• Work instructions
Without the images, repeat every line of the listing verbatim.

• Available records

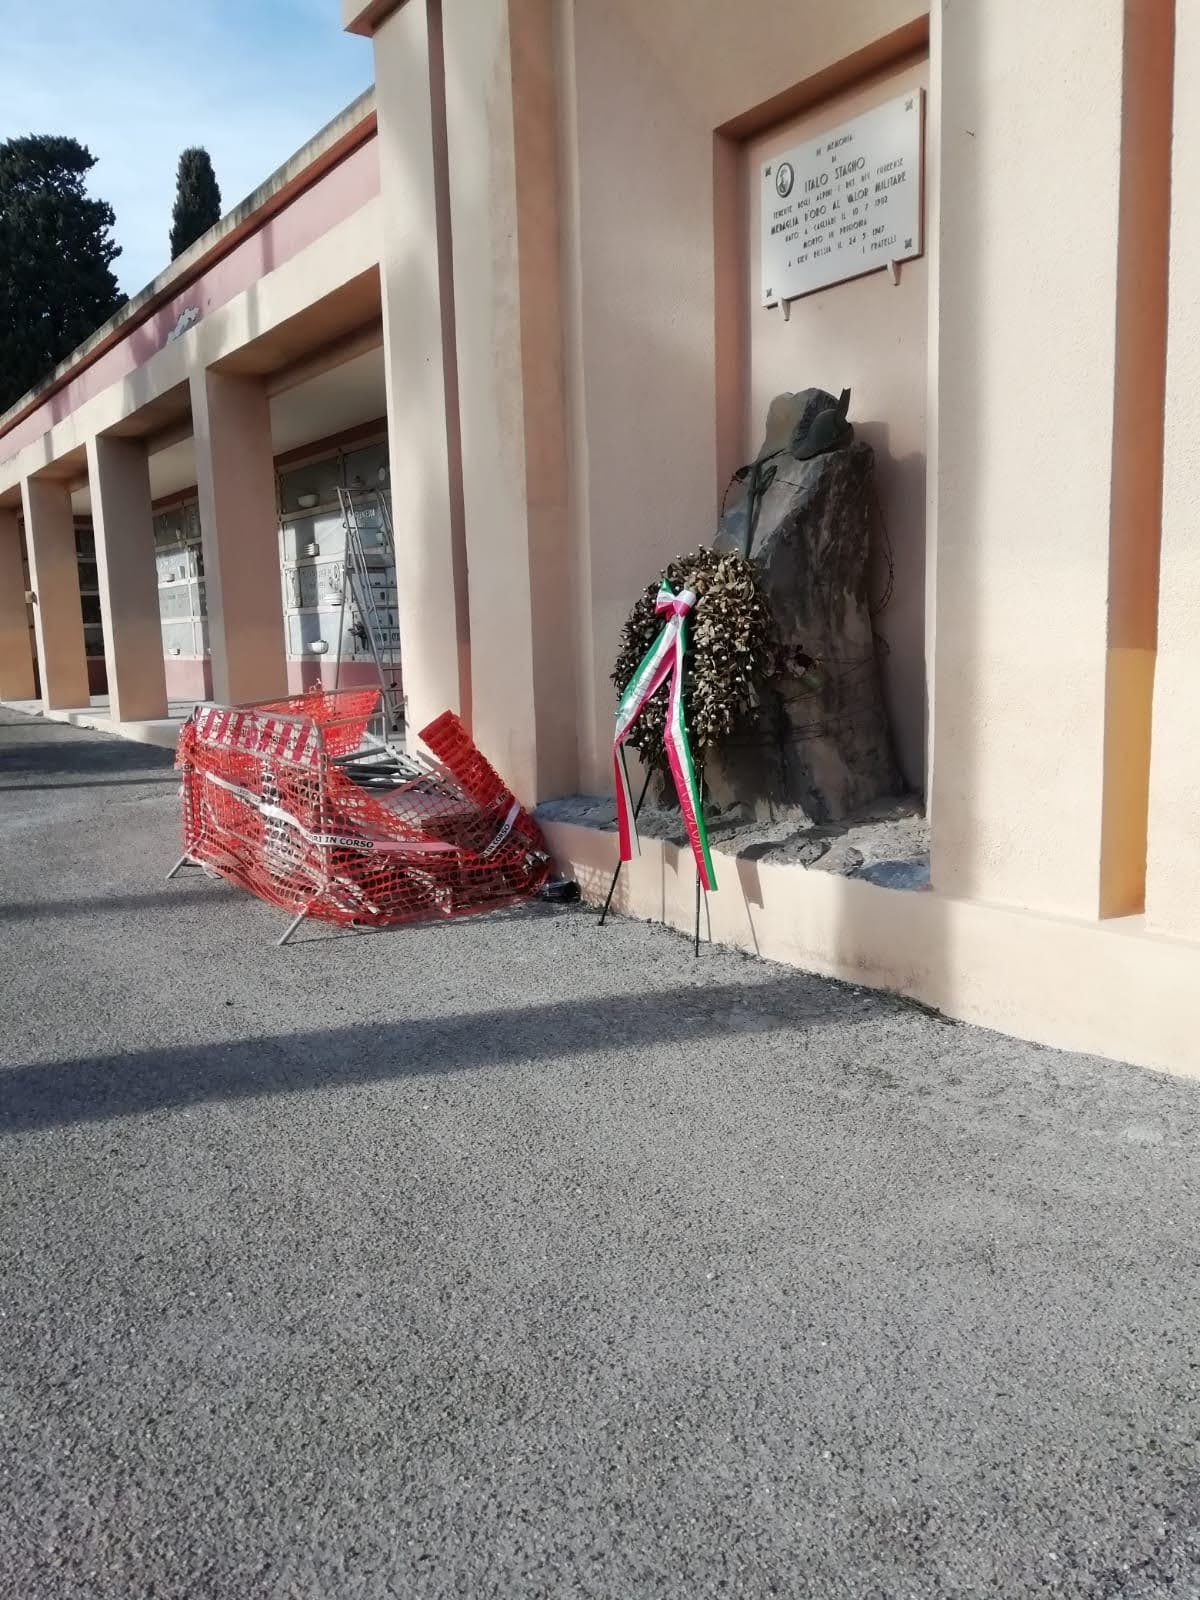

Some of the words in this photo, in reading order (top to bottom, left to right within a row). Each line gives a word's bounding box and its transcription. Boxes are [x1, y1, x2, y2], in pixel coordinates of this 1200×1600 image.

[827, 135, 852, 152] MEMORIA
[805, 173, 828, 192] ITALO
[835, 157, 865, 180] STAGNO
[771, 216, 798, 234] MEDAGLIA
[804, 205, 826, 222] D'ORO
[833, 200, 840, 210] AL
[847, 187, 868, 203] VALOR
[875, 171, 906, 192] MILITARE
[774, 205, 792, 219] TENENTE
[798, 198, 810, 208] DEGLI
[816, 189, 832, 201] ALPINI
[785, 232, 799, 242] NATO
[814, 216, 836, 231] CAGLIARI
[853, 208, 858, 216] 10
[803, 235, 823, 248] MORTO
[871, 235, 896, 251] FRATELLI
[813, 246, 831, 258] RUSSIA
[340, 838, 374, 848] CORSO
[493, 824, 510, 845] CORSO
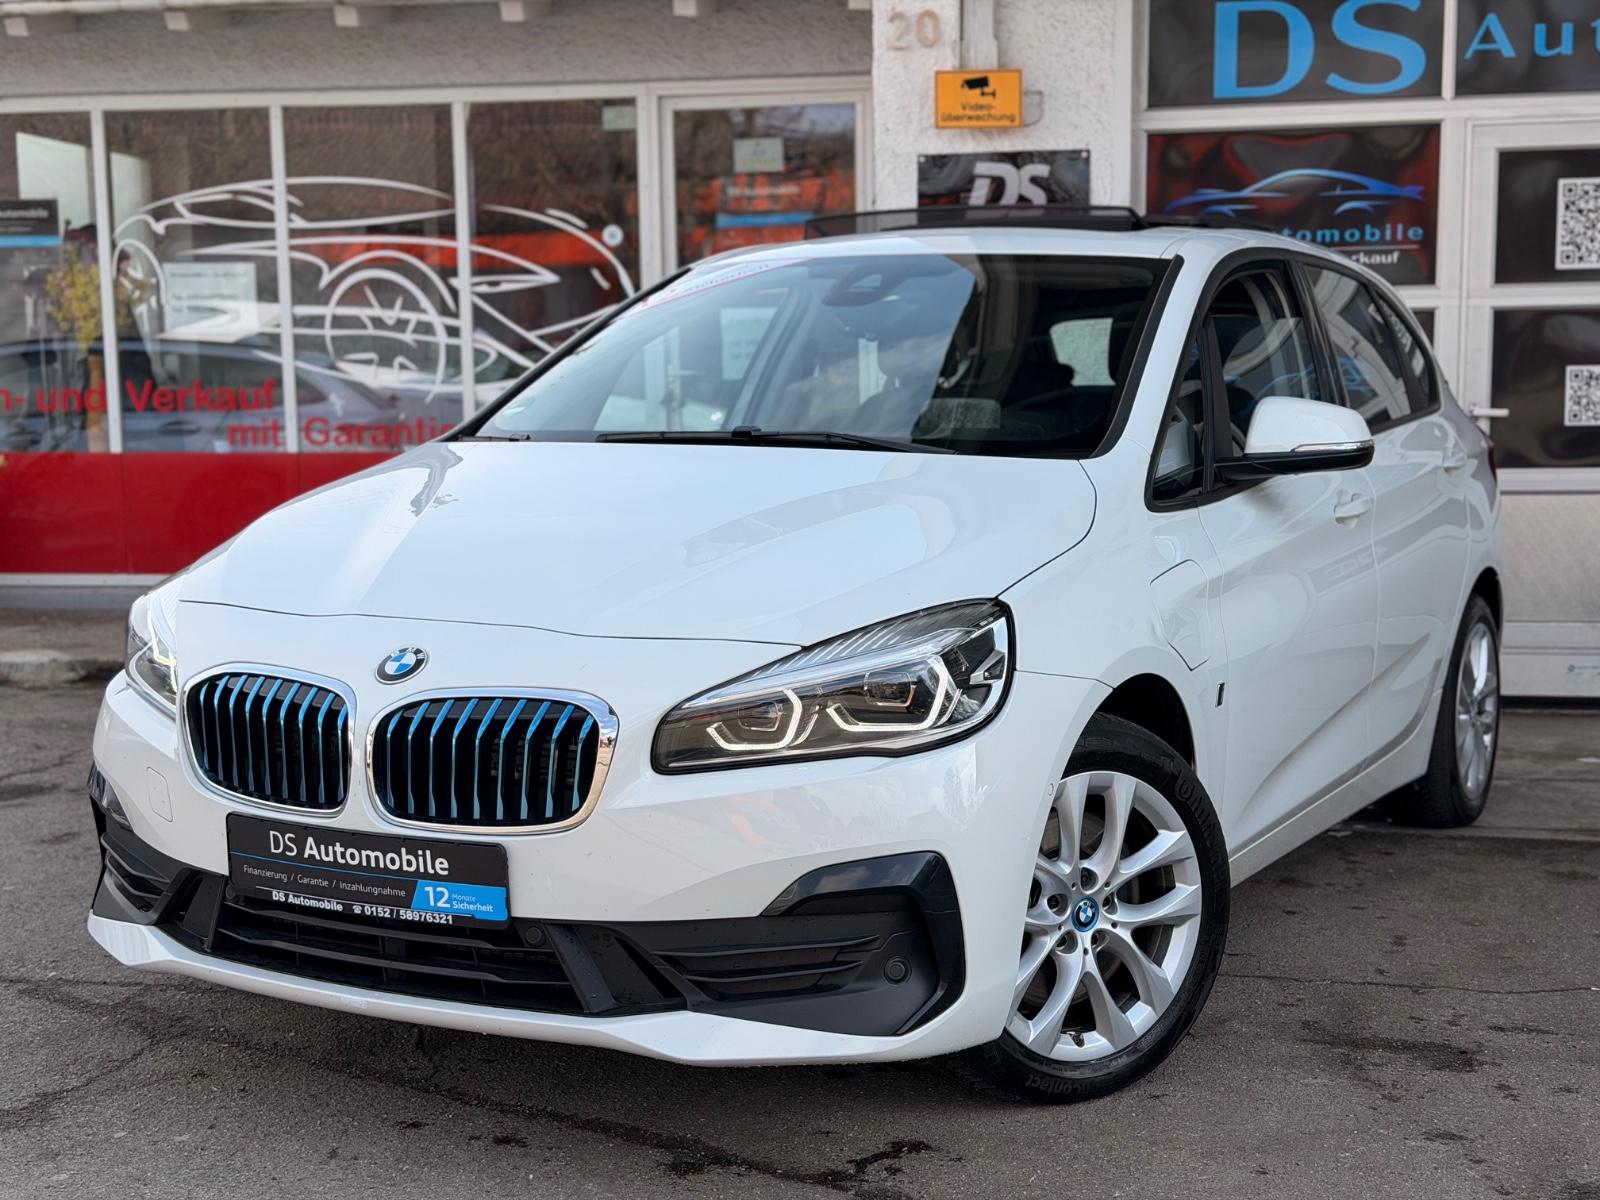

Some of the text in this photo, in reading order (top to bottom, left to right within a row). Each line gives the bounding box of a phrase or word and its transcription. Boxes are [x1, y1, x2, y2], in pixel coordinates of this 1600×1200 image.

[887, 9, 941, 50] 20
[1213, 0, 1427, 98] DS
[960, 102, 995, 112] Video-
[968, 161, 1051, 207] DS
[35, 378, 107, 413] und
[125, 377, 278, 413] Verkauf
[227, 417, 282, 447] mit
[269, 830, 450, 876] DS Automobile
[243, 864, 288, 883] Finanzierung
[297, 874, 329, 888] Garantie
[339, 882, 406, 897] Inzahlungnahme
[424, 886, 451, 908] 12
[451, 893, 476, 902] Monate
[272, 890, 286, 902] DS
[287, 894, 343, 912] Automobile
[364, 906, 391, 918] 0152
[399, 909, 453, 925] 58976321
[452, 901, 494, 912] Sicherheit

• Your solution
Some of the words in this photo, in reading order (top to bottom, left to right within a row). Each line gives a word's bounding box and its transcription. Boxes are [x1, y1, x2, y2], in pixel coordinates of this 1200×1600 image.

[827, 135, 852, 152] MEMORIA
[805, 173, 828, 192] ITALO
[835, 157, 865, 180] STAGNO
[771, 216, 798, 234] MEDAGLIA
[804, 205, 826, 222] D'ORO
[833, 200, 840, 210] AL
[847, 187, 868, 203] VALOR
[875, 171, 906, 192] MILITARE
[774, 205, 792, 219] TENENTE
[798, 198, 810, 208] DEGLI
[816, 189, 832, 201] ALPINI
[785, 232, 799, 242] NATO
[814, 216, 836, 231] CAGLIARI
[853, 208, 858, 216] 10
[803, 235, 823, 248] MORTO
[871, 235, 896, 251] FRATELLI
[813, 246, 831, 258] RUSSIA
[340, 838, 374, 848] CORSO
[493, 824, 510, 845] CORSO

Some of the text in this photo, in reading order (top to bottom, left to right within a row). Each line gives the bounding box of a phrase or word and its transcription. Boxes are [x1, y1, x2, y2], in pixel coordinates of this 1600×1200 image.

[887, 9, 941, 50] 20
[1213, 0, 1427, 98] DS
[960, 102, 995, 112] Video-
[968, 161, 1051, 207] DS
[35, 378, 107, 413] und
[125, 377, 278, 413] Verkauf
[227, 417, 282, 447] mit
[269, 830, 450, 876] DS Automobile
[243, 864, 288, 883] Finanzierung
[297, 874, 329, 888] Garantie
[339, 882, 406, 897] Inzahlungnahme
[424, 886, 451, 908] 12
[451, 893, 476, 902] Monate
[272, 890, 286, 902] DS
[287, 894, 343, 912] Automobile
[364, 906, 391, 918] 0152
[399, 909, 453, 925] 58976321
[452, 901, 494, 912] Sicherheit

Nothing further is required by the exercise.